# WORK TO BE COMPLETED
Beginning with the line where "this 1200×1600 image." occurs, set down each line of the records through the final one, exactly and without additions.

# Extracted data entries
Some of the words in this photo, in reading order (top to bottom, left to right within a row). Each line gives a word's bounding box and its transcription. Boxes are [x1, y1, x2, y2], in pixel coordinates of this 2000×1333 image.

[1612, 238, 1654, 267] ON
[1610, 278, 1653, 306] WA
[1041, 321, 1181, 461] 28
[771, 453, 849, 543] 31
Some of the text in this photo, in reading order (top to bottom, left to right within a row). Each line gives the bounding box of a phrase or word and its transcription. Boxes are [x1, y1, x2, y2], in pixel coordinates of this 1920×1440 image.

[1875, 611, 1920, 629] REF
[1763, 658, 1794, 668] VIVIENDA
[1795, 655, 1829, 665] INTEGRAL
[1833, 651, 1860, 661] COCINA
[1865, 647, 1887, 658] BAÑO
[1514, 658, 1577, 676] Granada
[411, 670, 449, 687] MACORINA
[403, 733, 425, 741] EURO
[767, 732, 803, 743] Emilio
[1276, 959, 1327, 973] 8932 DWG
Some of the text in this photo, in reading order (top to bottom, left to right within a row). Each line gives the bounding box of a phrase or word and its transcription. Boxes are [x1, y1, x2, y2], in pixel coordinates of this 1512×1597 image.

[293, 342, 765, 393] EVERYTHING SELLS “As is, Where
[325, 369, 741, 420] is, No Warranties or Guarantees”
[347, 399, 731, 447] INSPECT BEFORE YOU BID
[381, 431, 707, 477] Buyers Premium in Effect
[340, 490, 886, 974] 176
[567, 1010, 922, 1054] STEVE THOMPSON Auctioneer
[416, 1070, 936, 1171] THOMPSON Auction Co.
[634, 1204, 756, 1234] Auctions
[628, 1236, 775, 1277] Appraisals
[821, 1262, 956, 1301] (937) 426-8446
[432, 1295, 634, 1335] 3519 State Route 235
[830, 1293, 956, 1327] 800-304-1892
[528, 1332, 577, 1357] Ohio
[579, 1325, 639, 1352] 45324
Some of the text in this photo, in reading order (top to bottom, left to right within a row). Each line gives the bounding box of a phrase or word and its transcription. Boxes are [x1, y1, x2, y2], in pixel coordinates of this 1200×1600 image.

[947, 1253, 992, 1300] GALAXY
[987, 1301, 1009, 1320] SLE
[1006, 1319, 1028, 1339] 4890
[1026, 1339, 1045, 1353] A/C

# RESULT
Some of the text in this photo, in reading order (top to bottom, left to right within a row). Each line gives the bounding box of a phrase or word and its transcription. Boxes are [x1, y1, x2, y2], in pixel coordinates of this 1200×1600 image.

[947, 1253, 992, 1300] GALAXY
[987, 1301, 1009, 1320] SLE
[1006, 1319, 1028, 1339] 4890
[1026, 1339, 1045, 1353] A/C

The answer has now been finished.